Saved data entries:

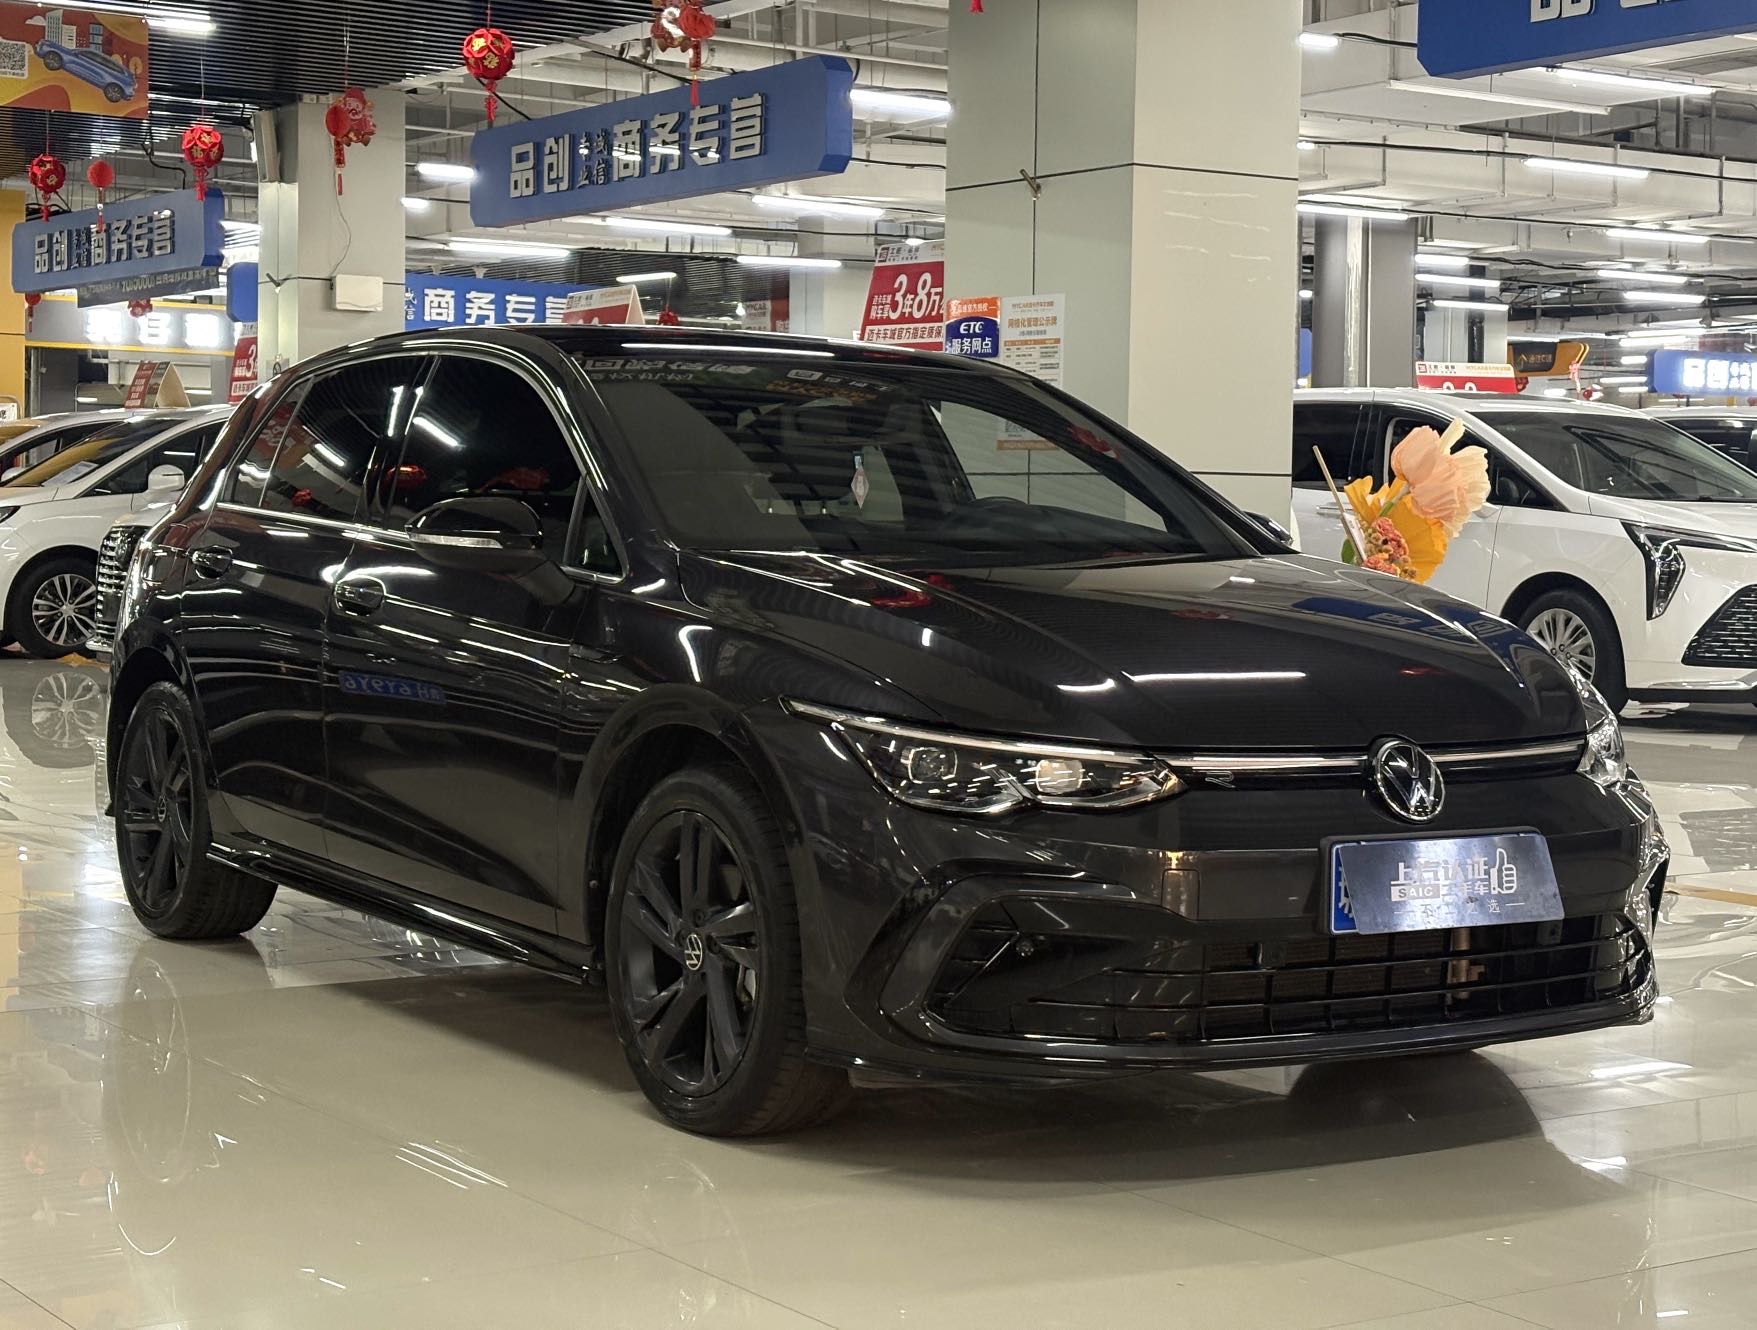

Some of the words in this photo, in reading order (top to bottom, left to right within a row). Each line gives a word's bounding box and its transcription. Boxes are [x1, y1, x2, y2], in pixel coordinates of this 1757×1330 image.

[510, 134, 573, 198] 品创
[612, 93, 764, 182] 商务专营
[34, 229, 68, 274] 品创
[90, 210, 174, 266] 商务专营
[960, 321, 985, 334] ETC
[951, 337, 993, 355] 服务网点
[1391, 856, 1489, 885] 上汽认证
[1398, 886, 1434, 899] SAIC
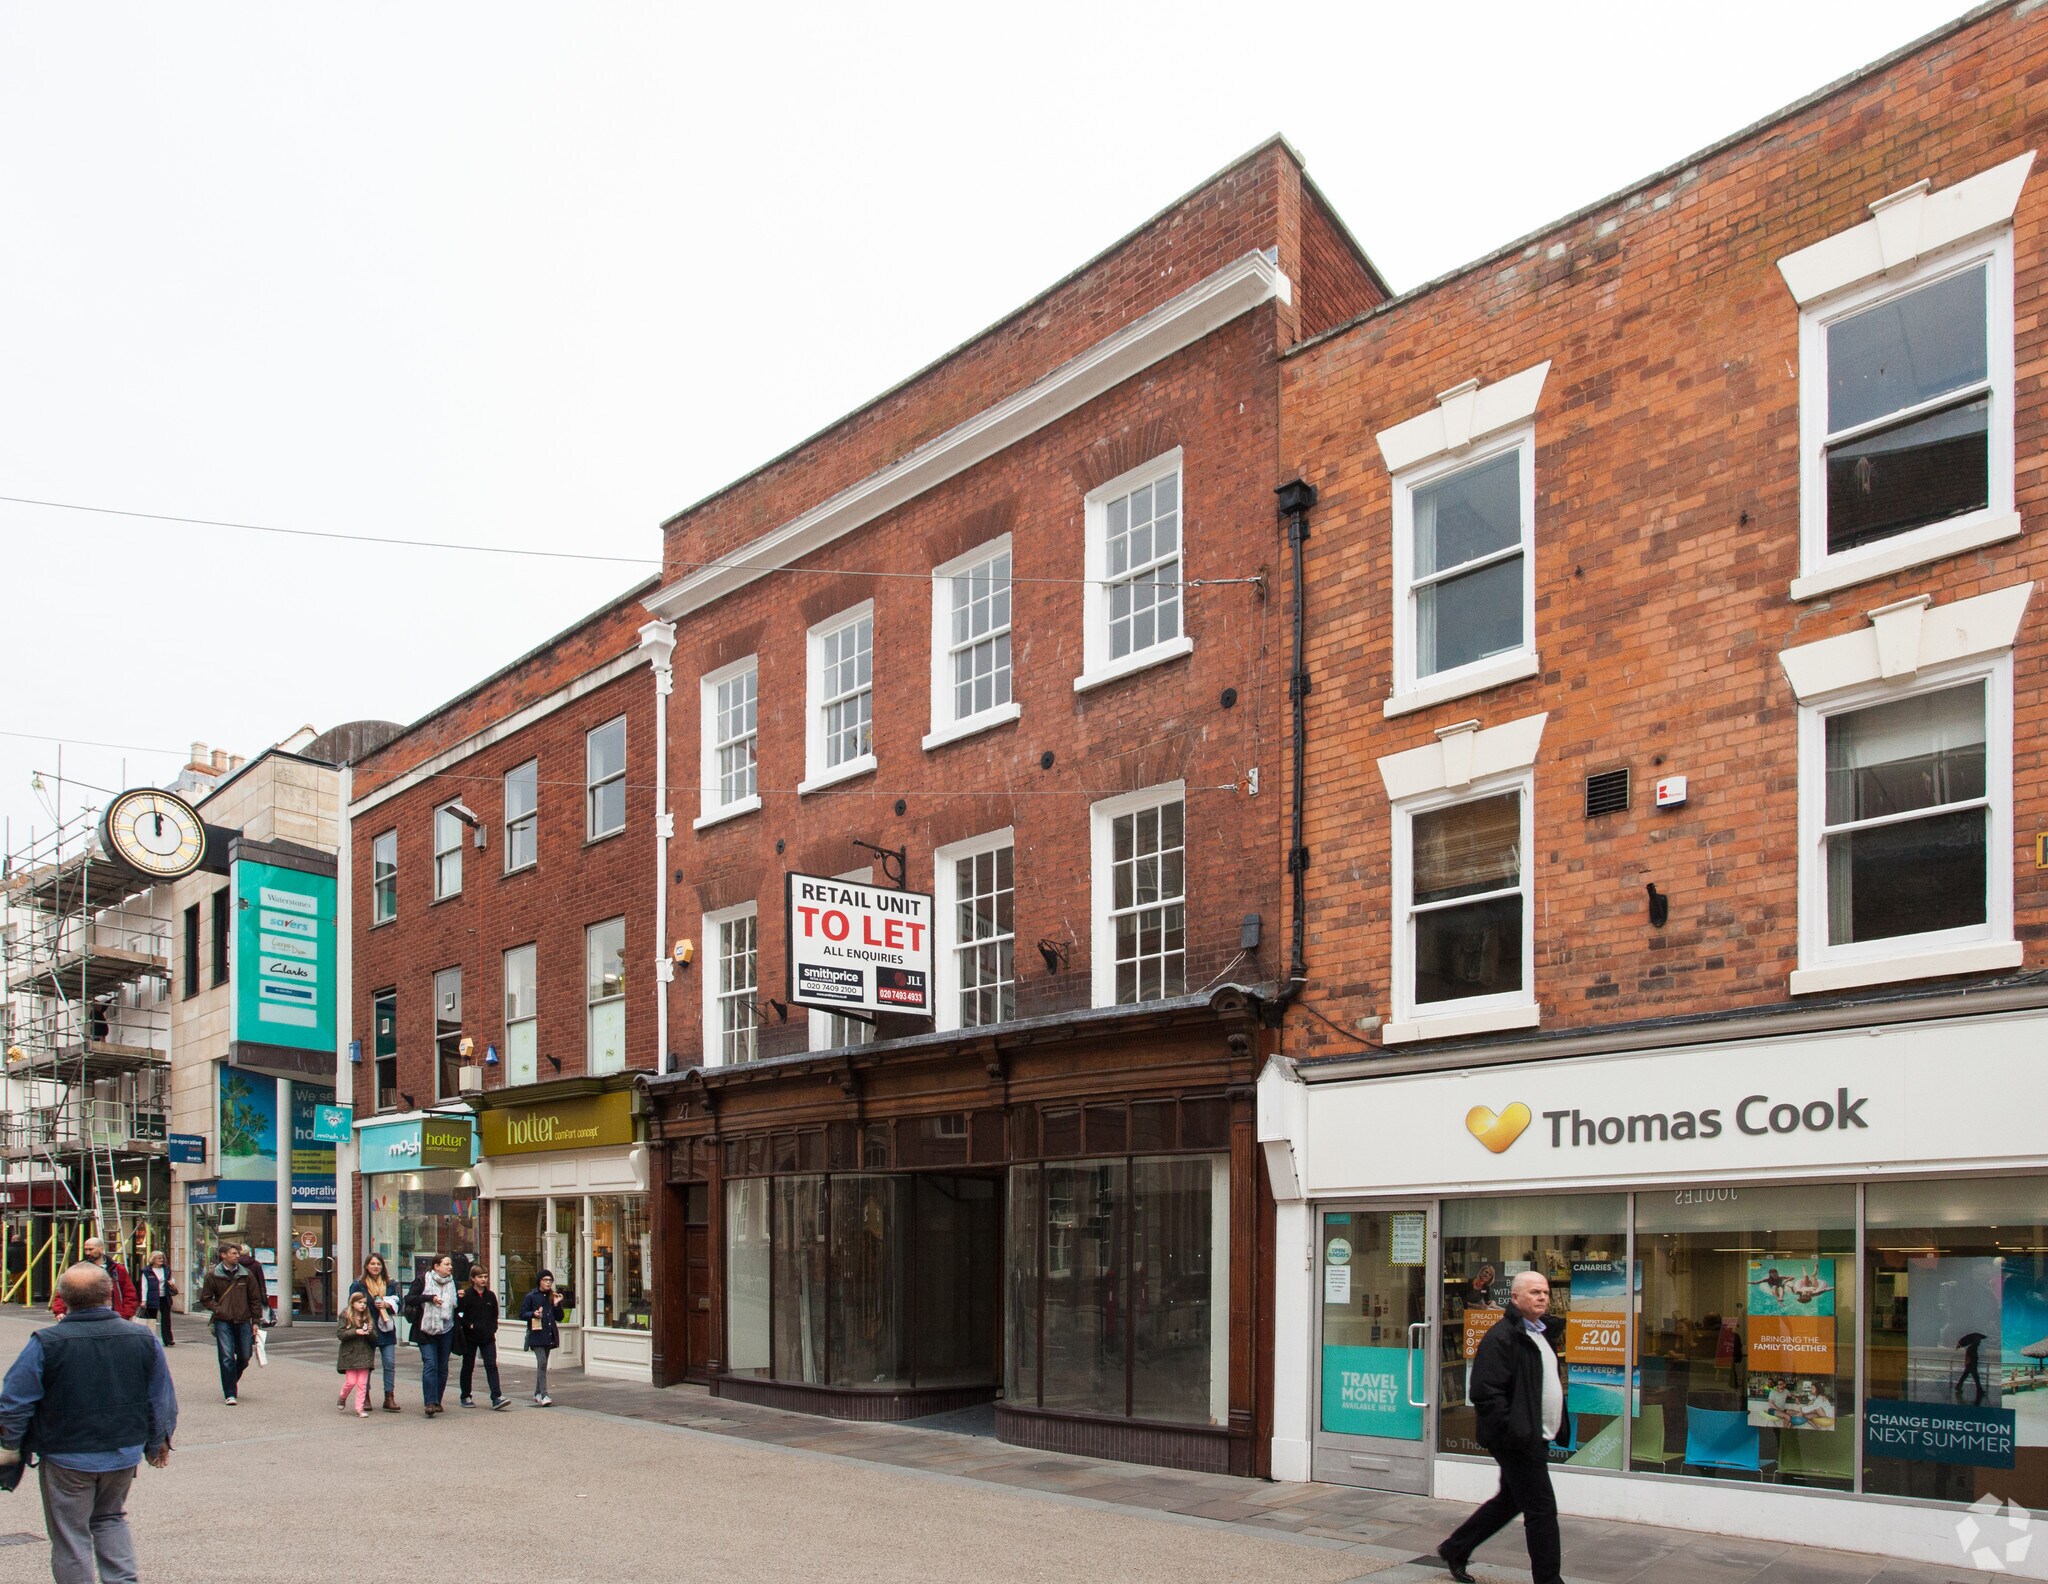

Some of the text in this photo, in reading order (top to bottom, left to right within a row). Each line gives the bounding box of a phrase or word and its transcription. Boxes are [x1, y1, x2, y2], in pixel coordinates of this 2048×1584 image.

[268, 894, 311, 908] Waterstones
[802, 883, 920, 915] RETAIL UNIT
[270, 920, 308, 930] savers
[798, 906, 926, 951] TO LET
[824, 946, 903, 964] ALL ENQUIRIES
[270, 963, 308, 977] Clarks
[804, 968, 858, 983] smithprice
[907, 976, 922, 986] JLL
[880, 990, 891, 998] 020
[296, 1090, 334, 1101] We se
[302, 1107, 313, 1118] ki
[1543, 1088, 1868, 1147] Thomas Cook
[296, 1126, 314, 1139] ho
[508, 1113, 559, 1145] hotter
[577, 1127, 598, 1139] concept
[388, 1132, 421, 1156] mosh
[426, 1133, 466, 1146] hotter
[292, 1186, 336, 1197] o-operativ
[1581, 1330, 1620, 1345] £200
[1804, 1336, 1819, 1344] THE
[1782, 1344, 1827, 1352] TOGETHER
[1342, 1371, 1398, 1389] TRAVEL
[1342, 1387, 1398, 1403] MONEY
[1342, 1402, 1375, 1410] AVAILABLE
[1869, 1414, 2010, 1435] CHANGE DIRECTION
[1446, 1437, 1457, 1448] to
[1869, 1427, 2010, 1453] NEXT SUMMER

- _WORK INSTRUCTION_
Output a verbatim copy of all entries above; no pictures go in it.

- _THE ANSWER_
Some of the words in this photo, in reading order (top to bottom, left to right within a row). Each line gives a word's bounding box and its transcription. Boxes are [x1, y1, x2, y2], in pixel coordinates of this 1757×1330 image.

[510, 134, 573, 198] 品创
[612, 93, 764, 182] 商务专营
[34, 229, 68, 274] 品创
[90, 210, 174, 266] 商务专营
[960, 321, 985, 334] ETC
[951, 337, 993, 355] 服务网点
[1391, 856, 1489, 885] 上汽认证
[1398, 886, 1434, 899] SAIC

Some of the text in this photo, in reading order (top to bottom, left to right within a row). Each line gives the bounding box of a phrase or word and its transcription. Boxes are [x1, y1, x2, y2], in pixel coordinates of this 2048×1584 image.

[268, 894, 311, 908] Waterstones
[802, 883, 920, 915] RETAIL UNIT
[270, 920, 308, 930] savers
[798, 906, 926, 951] TO LET
[824, 946, 903, 964] ALL ENQUIRIES
[270, 963, 308, 977] Clarks
[804, 968, 858, 983] smithprice
[907, 976, 922, 986] JLL
[880, 990, 891, 998] 020
[296, 1090, 334, 1101] We se
[302, 1107, 313, 1118] ki
[1543, 1088, 1868, 1147] Thomas Cook
[296, 1126, 314, 1139] ho
[508, 1113, 559, 1145] hotter
[577, 1127, 598, 1139] concept
[388, 1132, 421, 1156] mosh
[426, 1133, 466, 1146] hotter
[292, 1186, 336, 1197] o-operativ
[1581, 1330, 1620, 1345] £200
[1804, 1336, 1819, 1344] THE
[1782, 1344, 1827, 1352] TOGETHER
[1342, 1371, 1398, 1389] TRAVEL
[1342, 1387, 1398, 1403] MONEY
[1342, 1402, 1375, 1410] AVAILABLE
[1869, 1414, 2010, 1435] CHANGE DIRECTION
[1446, 1437, 1457, 1448] to
[1869, 1427, 2010, 1453] NEXT SUMMER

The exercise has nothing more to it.